Melbourne radar loop of Matthew on October 7 as the eye passed east of Central Florida

- May 29 – Rip currents from Tropical Storm Bonnie killed a swimmer in Melbourne Beach, while dozens of other people required rescue.
- June 6 – Tropical Storm Colin made landfall in the Big Bend of Florida at Apalachee Bay, and moved quickly northeastward through the state. Wind gusts in the state reached 66 mph at Kennedy Space Center. Heavy rainfall, peaking at 17.54 in near Seminole, caused some flooding. Three people drowned along the Florida Panhandle due to rip currents.
- September 1 – Hurricane Hermine made landfall along the Big Bend of Florida with winds of 80 mph, making it the first hurricane landfall to the state since Hurricane Wilma in 2005. The highest recorded wind gust in the state was 78 mph in Bald Point State Park. Hermine moved ashore with a 7.5 ft storm surge, which occurred alongside heavy rainfall that peaked at 22.36 in near Tarpon Springs. Hermine damaged or destroyed more than 2,600 buildings and left more than 253,000 people without power. A man died in Ocala after being struck by a tree. Insured damage in the state reached US$80 million.
- September 14 – Tropical Storm Julia formed over eastern Florida, producing peak wind gusts of 59 mph in Crescent Beach while moving northward through the state. The storm spawned a brief EF0 tornado near Barefoot Bay, which damaged a roof.
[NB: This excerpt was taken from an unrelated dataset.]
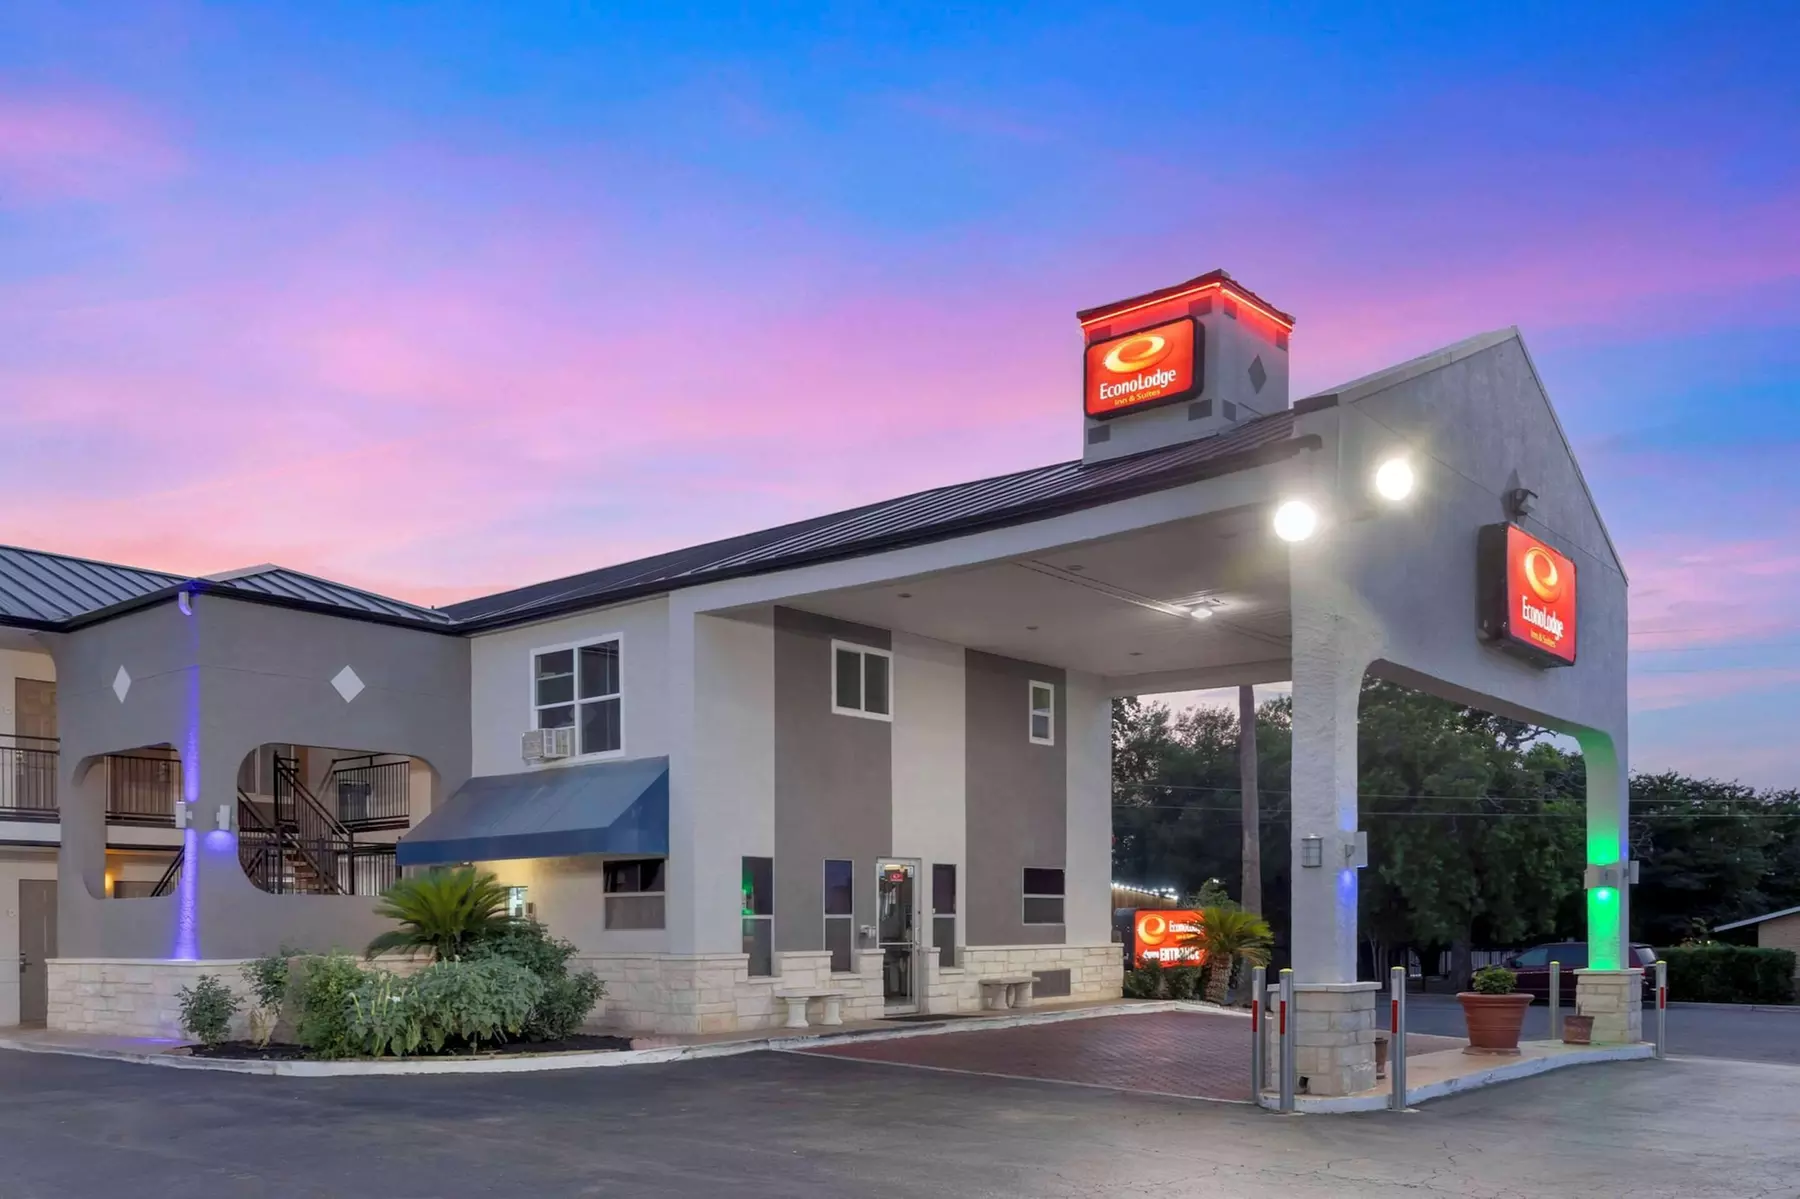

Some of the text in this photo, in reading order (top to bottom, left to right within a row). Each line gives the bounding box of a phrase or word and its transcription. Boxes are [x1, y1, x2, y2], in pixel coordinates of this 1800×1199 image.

- October 7 – Hurricane Matthew paralleled the east coast of Florida as a major hurricane, with the center remaining about 35 mi offshore. The western edge of the eyewall passed over Cape Canaveral, producing wind gusts of 107 mph there. Matthew's strong winds knocked down trees and power lines, leaving 1.36 million people without power. The hurricane produced widespread beach erosion from its high waves and storm surge, with portions of SR A1A washed out, and millions of dollars' worth of equipment damaged at Kennedy Space Center. There were 14 deaths in the state related to the hurricane. Statewide damage totaled at least $1.3 billion.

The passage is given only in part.